Líbios expulsaram milícias islâmicas de Benghazi, capital do país. Povo não trocará tirania de ditador pela da multidão, disse porta-voz.

23/09/2012 07:22

Os Estados Unidos disseram no sábado (22) que a raiva contra as milícias islâmicas em Benghazi, na Líbia, foi um sinal claro de que os cidadãos não estão dispostos a permitir o domínio do que eles chamaram de extremistas.

“É a opinião dessa administração que este é um sinal muito claro do povo líbio de que eles não vão trocar a tirania de um ditador pela tirania da multidão”, disse o porta-voz da Casa Branca Josh Earnest.

Líbios observam protesto contra brigadas de al-Shariah Brigades e milícias islâmicas. (Foto: AP)

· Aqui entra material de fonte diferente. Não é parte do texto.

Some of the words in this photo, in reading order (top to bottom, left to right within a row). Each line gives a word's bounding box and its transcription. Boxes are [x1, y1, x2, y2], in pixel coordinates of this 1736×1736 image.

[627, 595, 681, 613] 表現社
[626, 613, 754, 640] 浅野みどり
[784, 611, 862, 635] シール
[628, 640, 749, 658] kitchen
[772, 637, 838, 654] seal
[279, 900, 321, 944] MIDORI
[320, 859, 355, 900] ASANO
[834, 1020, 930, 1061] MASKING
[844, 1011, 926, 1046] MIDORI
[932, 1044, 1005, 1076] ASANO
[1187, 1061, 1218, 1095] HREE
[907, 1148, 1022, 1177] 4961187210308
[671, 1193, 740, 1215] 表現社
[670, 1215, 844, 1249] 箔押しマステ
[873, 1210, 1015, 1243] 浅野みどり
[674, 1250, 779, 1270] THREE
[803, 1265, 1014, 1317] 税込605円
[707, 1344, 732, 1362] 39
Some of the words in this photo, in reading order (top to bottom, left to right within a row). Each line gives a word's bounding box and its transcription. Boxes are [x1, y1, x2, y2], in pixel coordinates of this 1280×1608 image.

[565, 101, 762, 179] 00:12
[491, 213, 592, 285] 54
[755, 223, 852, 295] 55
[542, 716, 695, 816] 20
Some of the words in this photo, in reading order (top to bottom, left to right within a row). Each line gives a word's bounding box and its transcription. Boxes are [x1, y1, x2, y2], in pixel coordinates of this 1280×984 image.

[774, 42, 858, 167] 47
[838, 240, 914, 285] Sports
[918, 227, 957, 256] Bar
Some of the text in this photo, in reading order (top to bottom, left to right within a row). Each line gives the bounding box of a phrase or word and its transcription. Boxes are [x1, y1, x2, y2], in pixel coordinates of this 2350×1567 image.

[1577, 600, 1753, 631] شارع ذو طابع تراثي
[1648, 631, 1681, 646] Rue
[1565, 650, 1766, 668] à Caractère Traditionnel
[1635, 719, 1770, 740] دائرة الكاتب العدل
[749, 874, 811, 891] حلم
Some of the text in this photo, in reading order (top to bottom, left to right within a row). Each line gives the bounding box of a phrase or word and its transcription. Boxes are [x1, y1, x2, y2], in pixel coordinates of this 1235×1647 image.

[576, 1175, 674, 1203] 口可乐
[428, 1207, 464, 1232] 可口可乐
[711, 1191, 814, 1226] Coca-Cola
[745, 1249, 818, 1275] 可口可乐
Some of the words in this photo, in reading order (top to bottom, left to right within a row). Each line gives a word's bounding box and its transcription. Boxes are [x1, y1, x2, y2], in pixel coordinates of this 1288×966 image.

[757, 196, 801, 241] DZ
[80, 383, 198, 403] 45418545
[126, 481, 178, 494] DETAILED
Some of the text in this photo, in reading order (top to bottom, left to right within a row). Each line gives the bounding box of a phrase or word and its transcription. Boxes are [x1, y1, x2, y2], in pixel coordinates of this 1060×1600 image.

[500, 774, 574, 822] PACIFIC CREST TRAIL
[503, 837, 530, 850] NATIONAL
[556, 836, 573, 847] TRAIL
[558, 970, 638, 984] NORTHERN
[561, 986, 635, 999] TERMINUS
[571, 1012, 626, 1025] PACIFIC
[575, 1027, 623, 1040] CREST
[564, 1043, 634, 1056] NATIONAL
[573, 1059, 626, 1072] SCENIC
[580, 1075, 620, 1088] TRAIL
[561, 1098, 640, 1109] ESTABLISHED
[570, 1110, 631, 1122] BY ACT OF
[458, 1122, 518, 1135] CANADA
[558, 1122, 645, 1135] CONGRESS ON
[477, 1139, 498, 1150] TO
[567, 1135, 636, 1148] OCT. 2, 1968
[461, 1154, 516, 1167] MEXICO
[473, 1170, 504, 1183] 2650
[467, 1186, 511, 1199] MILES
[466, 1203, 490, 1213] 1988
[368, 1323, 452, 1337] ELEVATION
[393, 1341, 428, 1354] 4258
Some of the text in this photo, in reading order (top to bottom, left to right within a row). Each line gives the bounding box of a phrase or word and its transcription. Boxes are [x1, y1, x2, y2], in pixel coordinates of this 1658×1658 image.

“Isso também é uma indicação de que o povo líbio não está à vontade com o que dizem alguns extremistas, assim como aqueles que defendem e praticam a violência para abafar as vozes e as aspirações do povo líbio.”

A milícia islâmica Ansa al-Sharia se retirou de Benghazi na manhã de sábado, em uma onda de raiva contra os grupos armados que controlam grande parte da Líbia, mais de um ano após da derrubada do ditador Muammar Gaddafi.

Um porta-voz do grupo, que algumas autoridades americanas e libanesas culpam pelo ataque ao consulado dos EUA em Benghazi, na semana passada, em que o embaixador e três outros americanos foram mortos, disse que tinha deixado suas bases para “preservar a segurança na cidade”.